第1章 ホグワーツ魔法魔術学校【賢者の石】
「きのう、少しはおもしろくしてやろうと思って、黄色に変えようとしたんだ。でも呪文が効かなかった。やって見せようか、見てて……」
ロンはがさごそとトランクを引っ掻き回す。
そしてちょっとくたびれたような形をした杖を取り出して見せる。
「一角獣(ユニコーン)のたてがみがはみ出してるけど。まあ、いいか……」
そして、スキャバーズに呪文をかけようとした時である。
またコンパートメントの扉が開いて、半泣きの男の子がまた顔を覗かせた。
でも次は女の子を連れていて、その子は既に新調のホグワーツ・ローブに着替えている。
「誰かヒキガエル見なかった?ネビルのがいなくなったの」
栗色の髪の毛がふわふわした、可愛らしい女の子はそう聞いてくる。
どうやら半泣きの男の子のヒキガエル探しを手伝っているみたい。
「見なかったって、さっきそう言ったよ」
そうロンが応えるが、女の子はその返答よりロンがやろうとしている事に興味が注がれたみたい。

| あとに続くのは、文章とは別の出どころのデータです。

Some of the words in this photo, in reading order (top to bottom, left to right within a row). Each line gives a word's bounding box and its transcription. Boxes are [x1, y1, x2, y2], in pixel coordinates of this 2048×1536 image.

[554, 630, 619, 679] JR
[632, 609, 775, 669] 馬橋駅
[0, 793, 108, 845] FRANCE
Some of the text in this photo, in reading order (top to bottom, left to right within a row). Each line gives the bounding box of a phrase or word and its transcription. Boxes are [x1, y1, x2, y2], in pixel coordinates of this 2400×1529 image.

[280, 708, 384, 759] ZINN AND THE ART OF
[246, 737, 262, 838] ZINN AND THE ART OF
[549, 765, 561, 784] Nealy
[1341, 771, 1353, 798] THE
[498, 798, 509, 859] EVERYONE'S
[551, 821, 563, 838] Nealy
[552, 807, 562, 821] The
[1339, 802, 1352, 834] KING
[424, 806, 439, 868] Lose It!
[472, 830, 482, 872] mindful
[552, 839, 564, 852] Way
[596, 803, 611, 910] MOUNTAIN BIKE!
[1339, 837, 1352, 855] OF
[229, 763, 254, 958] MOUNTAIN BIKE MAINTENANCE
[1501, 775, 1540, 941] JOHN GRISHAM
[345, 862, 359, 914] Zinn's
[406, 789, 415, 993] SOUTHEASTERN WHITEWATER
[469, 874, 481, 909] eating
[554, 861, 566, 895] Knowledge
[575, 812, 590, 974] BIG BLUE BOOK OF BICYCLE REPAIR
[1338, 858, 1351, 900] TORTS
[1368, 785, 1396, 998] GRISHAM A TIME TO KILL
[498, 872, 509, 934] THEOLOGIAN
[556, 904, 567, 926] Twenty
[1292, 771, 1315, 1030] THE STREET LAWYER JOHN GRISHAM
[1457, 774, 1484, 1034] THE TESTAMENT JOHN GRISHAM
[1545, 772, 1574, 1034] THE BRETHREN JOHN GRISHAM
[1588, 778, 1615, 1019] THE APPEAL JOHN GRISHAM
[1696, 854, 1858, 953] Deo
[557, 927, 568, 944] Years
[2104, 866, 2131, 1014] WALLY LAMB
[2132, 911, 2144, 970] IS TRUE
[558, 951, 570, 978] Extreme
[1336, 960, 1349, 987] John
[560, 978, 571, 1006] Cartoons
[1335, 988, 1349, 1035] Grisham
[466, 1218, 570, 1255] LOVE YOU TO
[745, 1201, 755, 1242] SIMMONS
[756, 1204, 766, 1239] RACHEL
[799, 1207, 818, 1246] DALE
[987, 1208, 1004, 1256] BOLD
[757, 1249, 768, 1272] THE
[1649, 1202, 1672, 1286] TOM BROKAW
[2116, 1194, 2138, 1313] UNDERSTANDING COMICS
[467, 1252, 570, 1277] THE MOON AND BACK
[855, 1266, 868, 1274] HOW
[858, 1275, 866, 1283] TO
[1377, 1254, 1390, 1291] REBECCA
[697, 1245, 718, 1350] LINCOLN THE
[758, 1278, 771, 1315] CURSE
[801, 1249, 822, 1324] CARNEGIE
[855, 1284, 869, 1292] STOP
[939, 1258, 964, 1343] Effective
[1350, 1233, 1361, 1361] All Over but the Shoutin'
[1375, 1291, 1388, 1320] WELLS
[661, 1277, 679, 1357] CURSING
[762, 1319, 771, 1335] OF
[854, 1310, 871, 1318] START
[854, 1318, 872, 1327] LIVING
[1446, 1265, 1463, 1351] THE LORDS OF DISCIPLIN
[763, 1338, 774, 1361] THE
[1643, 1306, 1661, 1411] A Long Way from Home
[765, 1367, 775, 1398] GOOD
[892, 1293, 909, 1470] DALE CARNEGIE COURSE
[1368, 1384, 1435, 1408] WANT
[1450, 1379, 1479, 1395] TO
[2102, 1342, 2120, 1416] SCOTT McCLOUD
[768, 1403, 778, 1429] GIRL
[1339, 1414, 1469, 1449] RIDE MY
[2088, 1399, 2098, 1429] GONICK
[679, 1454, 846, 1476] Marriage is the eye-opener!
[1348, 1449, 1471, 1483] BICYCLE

「あら、魔法をかけるの?それじゃ、見せてもらうわ。座ってもいいかしら?」
「あ、じゃあ私の所座っていいわよ。ハリー、隣失礼するわね」
「ありがとう」
「いいよ、アリアネ」
「ありがとう、ハリー」
私は女の子に自分が座っていた座席を譲り、ハリーの隣に腰掛けた。
そしてロンは、隣に知らない女の子が座ったせいなのか、たじろいでいる。
「あー……いいよ」
そして咳払いをしてから、杖をスキャバーズに向けてから呪文を唱えた。
「お陽さま、雛菊、溶ろけたバター。デブで間抜けなねずみを黄色に変えよ」
杖を振るけれども、何も起きない。
スキャバーズは相変わらず眠っているし、相変わらずのねずみ色なのだから。
「その呪文、間違ってないの?」
「多分、間違ってるわね。そんな呪文聞いたことないわ、ロン」
「まあ、あんまりうまくいかなかったわね。私も練習のつもりで簡単な呪文を試したことがあるけど、みんなうまくいったわ」
「……アリアネと一緒だ」
私もあらかた、簡単な呪文をウィーズリー家で練習はしていた。
ビルやパーシーに教えてもらって、簡単な呪文とちょっとだけ難しいものも覚える事が出来た。
「私の家族に魔法族は誰もいないの。だから、手紙をもらった時、驚いたわ。でもうれしかったわ」
どうやら、この女の子はマグル生まれらしい。